On March 10, 2019 we celebrate 310th anniversary of Georg Wilhelm Steller’s birth. It seems that everything is already known about him. Nothing to be added. Still there are some little known facts, which can rarely be discovered in a usual book. The head of Historical and Cultural Heritage Conservation Department of the Commander Islands Reserve Natalia Tatarenkova have been researching the biography of the famous naturalist for many years and discovered several interesting aspects of his life and character.
1. Date of birth. Nobody has doubts about the fact that the first researcher of the Commander Islands was born on March 10, 1709, but the thing we did not know until recently is was this data in the Julian calendar or the Gregorian one. It turned out that to find the answer is not so simple, as we expected. If we speak about the XVIII century, it would be logical to think that the old style was used, but it is wrong. The most avid fan of the scientist and the first person, who wrote his biography was the U.S. zoologist Leonhard Stejneger. He wrote about this day: “Sunday, March 10, 1709 was a day of high anxiety in house #463 of the free imperial town of Windsheim”. If we look at the old Julian calendar, we will see that it was not Sunday, but Thursday. So the date is in new style. The best way to write the date is February 25/March 10, 1709.

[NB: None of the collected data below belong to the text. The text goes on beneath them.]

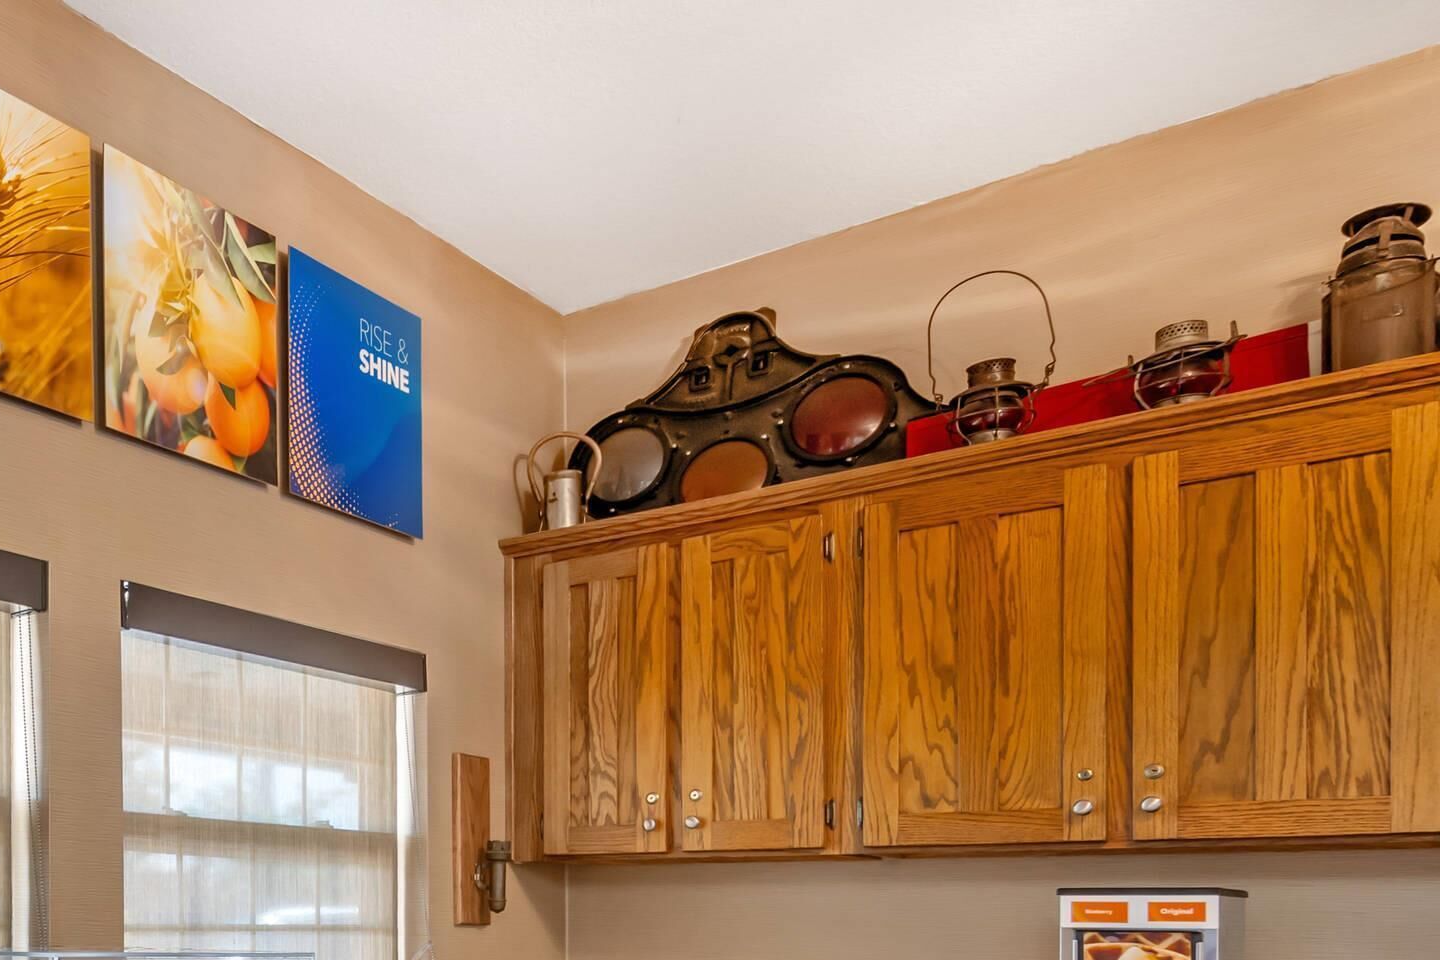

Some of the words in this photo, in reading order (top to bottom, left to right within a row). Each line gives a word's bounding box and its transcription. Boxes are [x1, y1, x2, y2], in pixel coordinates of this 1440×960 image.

[359, 317, 393, 358] RISE
[397, 338, 409, 365] &
[359, 348, 410, 394] SHINE
[1160, 907, 1194, 915] Original
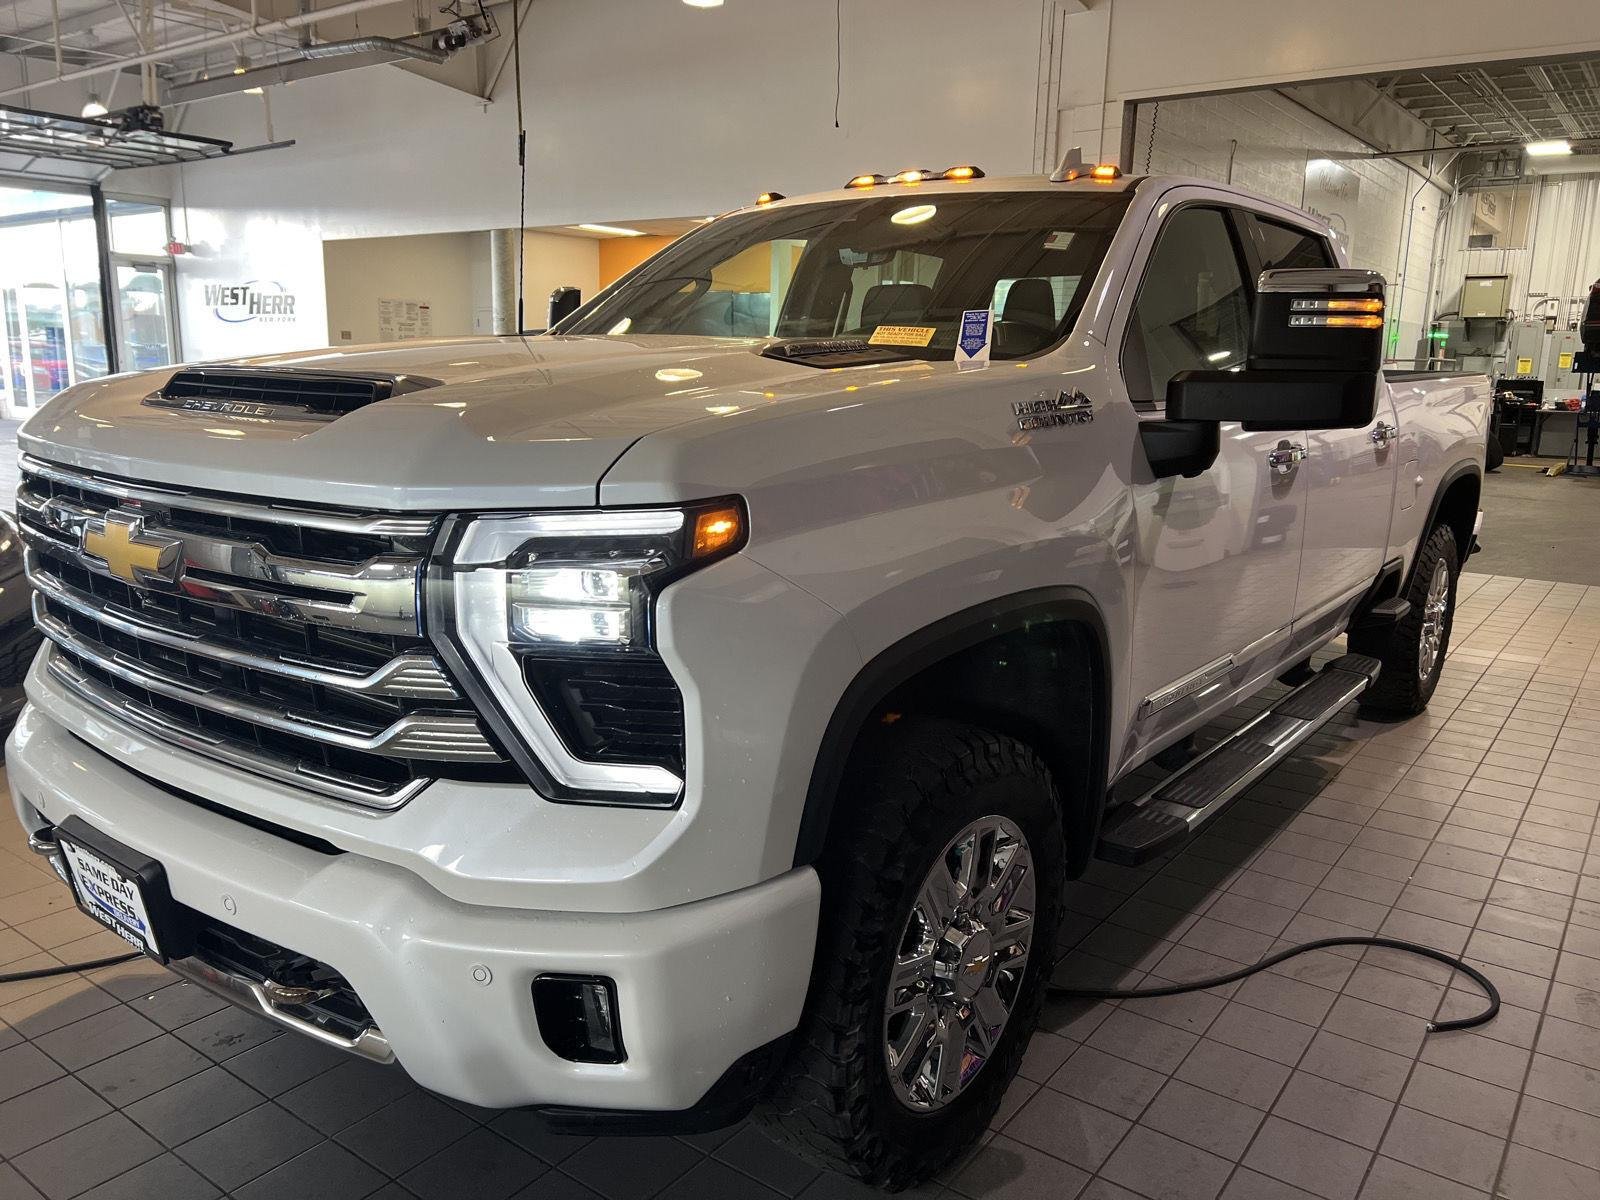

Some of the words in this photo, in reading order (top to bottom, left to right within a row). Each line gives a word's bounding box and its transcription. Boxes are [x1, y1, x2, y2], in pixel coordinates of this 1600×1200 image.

[204, 284, 250, 306] WEST
[249, 292, 296, 315] HERR
[77, 857, 110, 887] SAME
[111, 877, 134, 901] DAY
[81, 874, 136, 918] EXPRESS
[88, 903, 118, 929] WEST
[116, 923, 145, 950] HERR

In fact, the birth of the future researcher did cause a turmoil. The newborn didn’t show life signs. Local nurse midwife exhausted her knowledge for such cases and even tried to approach the still baby with fumes of burning sulfur to understand if the baby was alive. Everything was in vein. However, sister of his mother did not lose hope. She enveloped the baby in warm blankets and changed them constantly. As we know from memories of Steller’s elder brother Johen Augustine, who was then 6 years old, “after several hours” to the great surprise of the family the baby made a loud cry and started to come to life.
Georg Steller. Author of the sculpture: Ilya Vyuev.
2. Genealogy of the scientist. Ten years ago German researcher Johen Hoisler drew a parallel between Georg Steller and great German poet and philosopher Johann Wolfgang von Goethe (1749-1832). The author of Faust – the immortal masterpiece of the world literature – not only had a great command of the language and theosophy, but he also was a researcher, political figure and theatre director. Two German men were connected by their genius broad-mindedness, versatile fields of activity, love for humanity and colossal capacity to work. Nevertheless, it was not all. Genealogical research showed that Steller’s mother, born as Susanna Louise and Goethe’s mother had a common predecessor – Konrad Keller (1500-1592). So the great poet and the famous researcher were distant relatives.
“Near Russian Coast. Sophron Khitrovo, Nikita Shumagin, Dmitry Ovtsin, Vitus Bering, Ivan Elagin, Georg Steller, Alexey Chirikov” Author: V.N. Ephimov, 1985. Painting from collection of Kamchatka Local Joint Museum.
3. Talent for music. It is not a common knowledge that Georg Steller had an ear for music. He could write down any melody, he had ever heard and knew how to appreciate music of his age. Most likely, he had a beautiful voice and sang. Was it or hobby for a future scientist or a necessity remains for us a mystery.
The reason is that Steller’s family lived in simple and humble conditions. The boy could aspire for further education only if religious organizations grant him financial support. In the beginning of the 18h century, high schools had funds for boys in need. One of the responsibilities of the students was to sing during religious and laic events. The best singers could be given some priorities, as food, clothes, books and supplies.
During his education (1713-1729), Steller was the best student in his class. He graduated cum laude. He had no problems with any of the subjects, but his favorite was nature studies, physics and biology. Therefore, for his graduation paper he chose a theme «Detonitrunuminisdiv(ini) testeetvindice» (About Thunder as a Prove of Divine Activity.